On August 1, Gay’s regiment was sent to the American fortifications in Brooklyn Heights on Long Island, just across the East River, where the troops were mostly levies and militiamen. On August 4, four of the regiment’s eight companies were assigned to an alarm post at Ft. Sterling, the other four nearby at the fort on Cobble Hill, and their officers were ordered to acquaint themselves with the area for miles around as the men were kept busy on work details, probably either building the forts or digging trenches that zigzagged between the fortified area and the rest of the island. (We have no way of knowing which post Bradley’s company was assigned to.) On August 22, the British crossed The Narrows from Staten Island to Long Island’s south shore near Gravesend Bay, moving almost immediately, as they unloaded their ships, to the island’s southwest corner, within three miles of the Continental troops, close enough for frequent shots to be exchanged between the two entrenched armies. The British force outnumbered Washington’s men three to one. Washington continued to do what he could, reorganizing his army and keeping the troops at work constructing defenses for the looming battle. He still expected the British to attack New York, so by late August he had sent only six regiments-half his troops-to Long Island as reinforcements there. A guard report dated August 24 places at least part of Wadsworth’s brigade at the Grand Battery in the city; but on August 25, as part of Washington’s reorganization, two of his regiments-one of them Gay’s-together with three regular Connecticut regiments, were formed into a brigade on Long Island under the command of Brig. Gen. Samuel Holden Parsons, who led his men in a battle there two days later.

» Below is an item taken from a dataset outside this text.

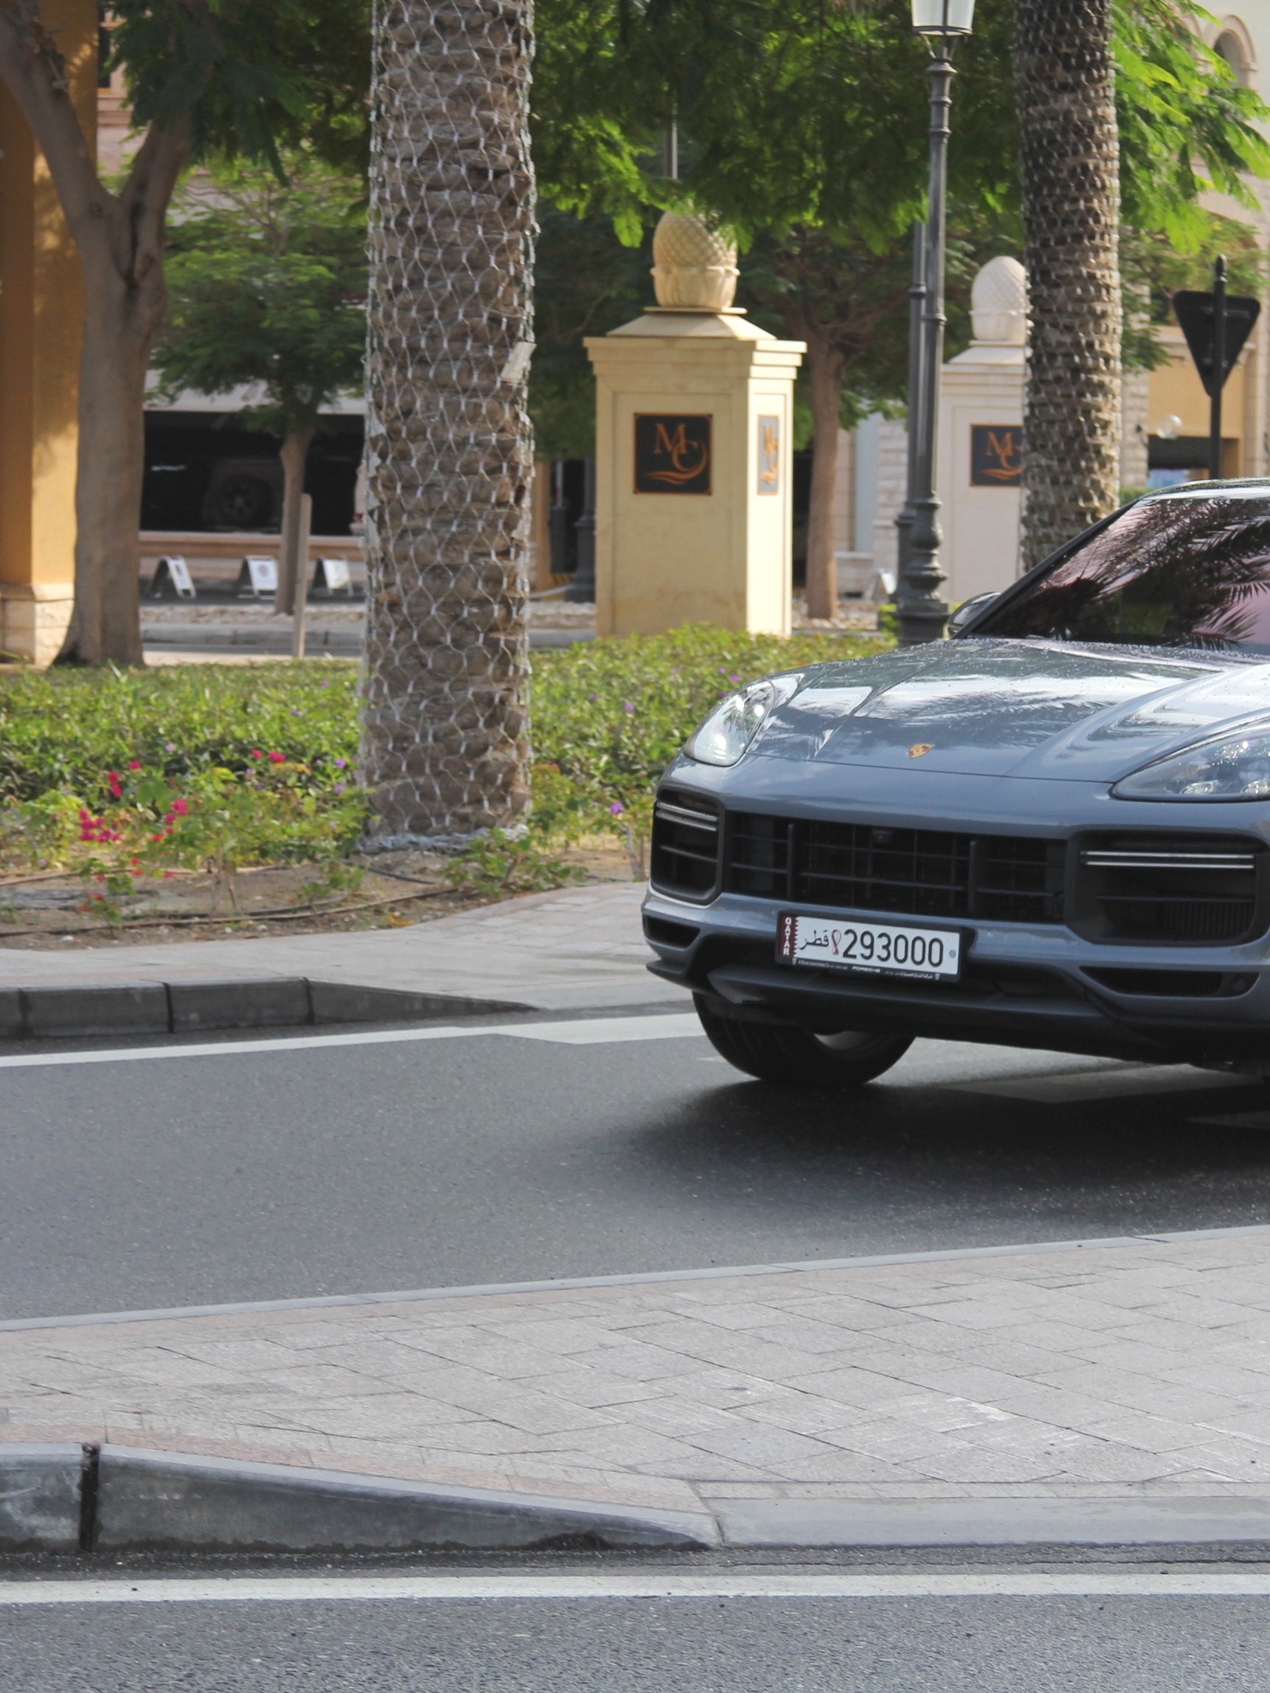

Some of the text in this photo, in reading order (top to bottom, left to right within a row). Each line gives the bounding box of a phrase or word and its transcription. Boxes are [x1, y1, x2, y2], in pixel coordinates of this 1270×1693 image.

[783, 917, 792, 956] QATAR
[799, 928, 944, 968] قطر 293000
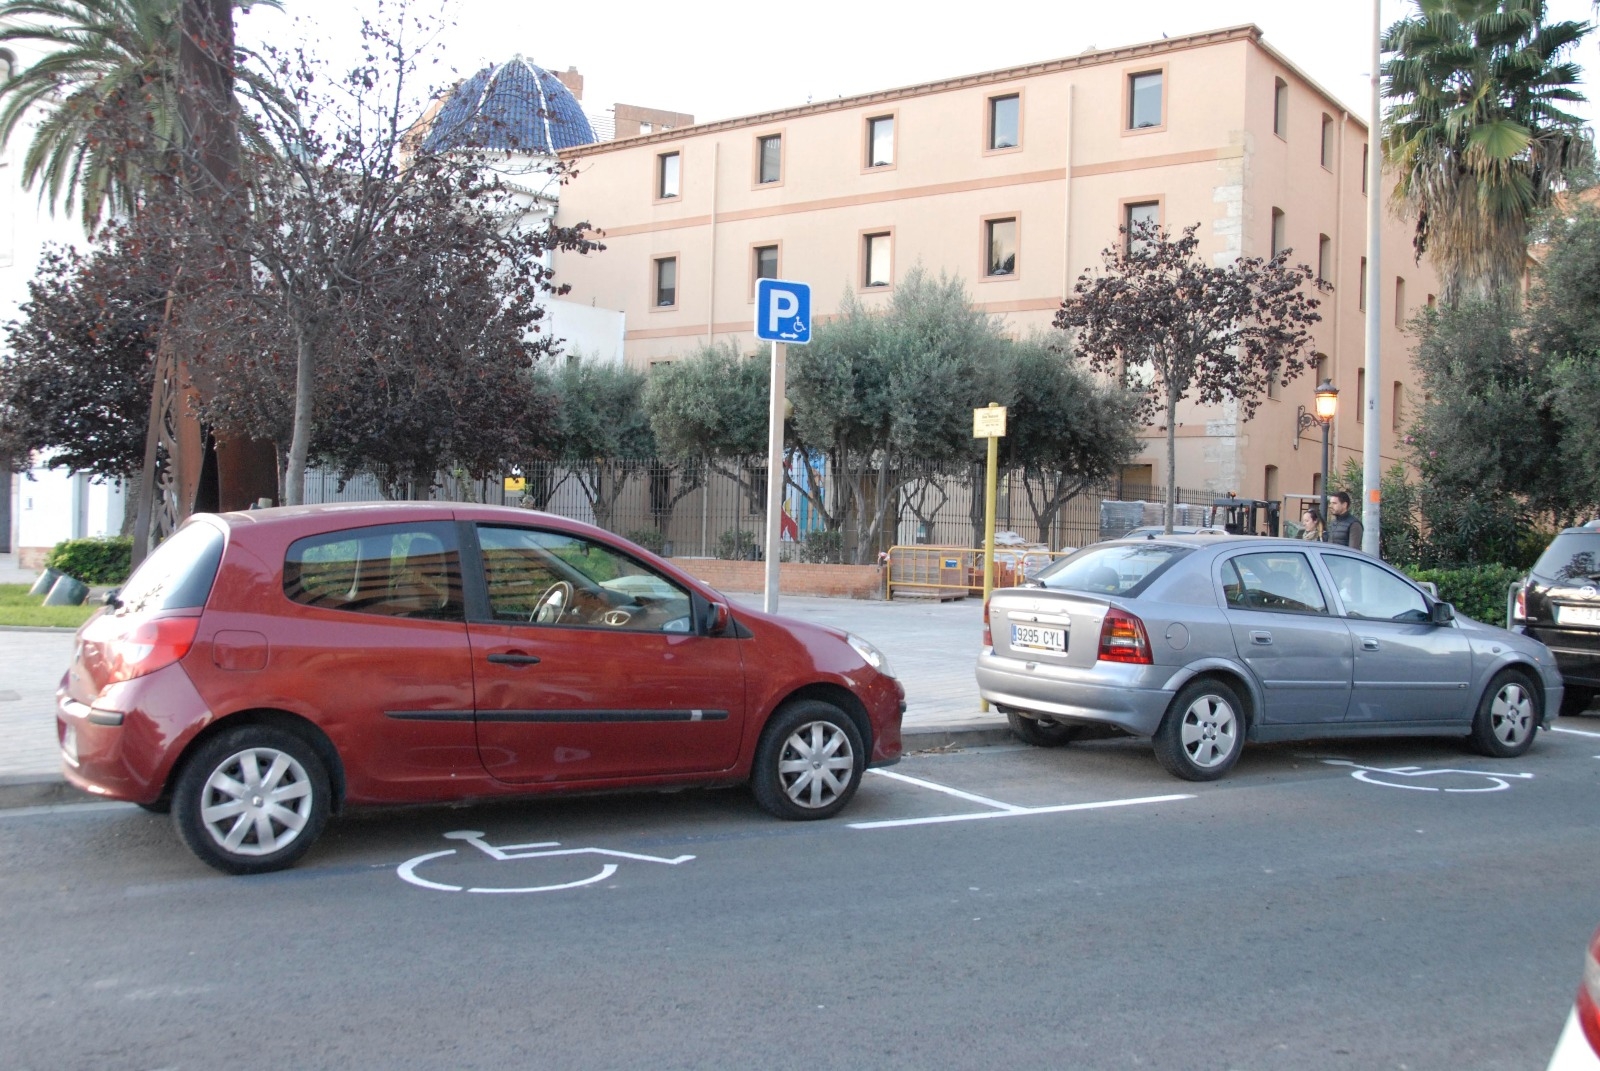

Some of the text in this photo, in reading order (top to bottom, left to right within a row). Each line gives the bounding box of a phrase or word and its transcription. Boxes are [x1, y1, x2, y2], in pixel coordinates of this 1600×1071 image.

The battle on Long Island on August 27, also called the Battle of Brooklyn and, by many of the participants, the Battle of Flatbush, where the formal battle took place, was the largest battle of the Revolutionary War, the British determined to take over the fortifications on Brooklyn Heights that would give them a commanding position over New York. Fighting was fierce, first at night, in what one writer calls “a series of separate and desperate struggles fought almost blindly in the woods and swamps of Brooklyn,” then at Flatbush in regular battle formation, for the first time in this irregular war. The men with Parsons and Gen. William Alexander Lord Stirling, and those under Gen. John Sullivan who came to their assistance, acquitted themselves well at Flatbush, but inadequate security at one of the three main passes on roads to the American fortified area had already doomed their efforts.
A little before dawn, about 1600 Americans were drawn up on a field at Flatbush, braced to take on British troops they knew were headed up toward the fortifications on their right along the west side of Brooklyn and Hessian troops just ahead to the south; and they were soon engaged with the British. When the arrival of the Hessians threatened to overwhelm them, about 300 men under General Sullivan came to their aid, all unaware that the enemy they could see was meant to occupy them until the bulk of the British force, some 10,000 men, could take a position behind them. At least five hours earlier, this enormous force, having advanced during the night to their northeast, had breached the inadequately guarded Jamaica Pass and the pass beyond it on the road to the fortifications. Their advance through the hills above the battlefield had sent all the pickets in outposts there racing through the darkness for safety, allowing the British to turn and march south to the battlefield. At 9 o’clock, a blast from two cannons to the rear of the Americans fighting there told them they were now effectively surrounded. Even with the extra troops, it was clear they could not withstand both the troops pushing from their left and front and the overwhelming force coming from their rear. By 10 o’clock, Sullivan’s men, hopelessly outflanked on the left by the troops they had wheeled to confront, were ordered to withdraw; and at 11, those on the right flank, including Parsons’ men, hit simultaneously by Hessians from the front and British troops from the rear, in the most savage fighting of the day, were also ordered from the field. Half of a Maryland unit, despite having fought since dawn, fought on until forced to surrender, allowing their fellows and others to escape across the marshy ground that separated them from the fortifications. The men led by General Parsons, the last group left on the line, had to follow as well as they could. Almost none of the men with him made it to safety. By any measure, it was a total defeat, the American troops forced to cede their outer line of defense and driven into their camp, at least 1000 of them either captured or killed. But “if it was a disaster, it was not a disgrace.” They had fought well.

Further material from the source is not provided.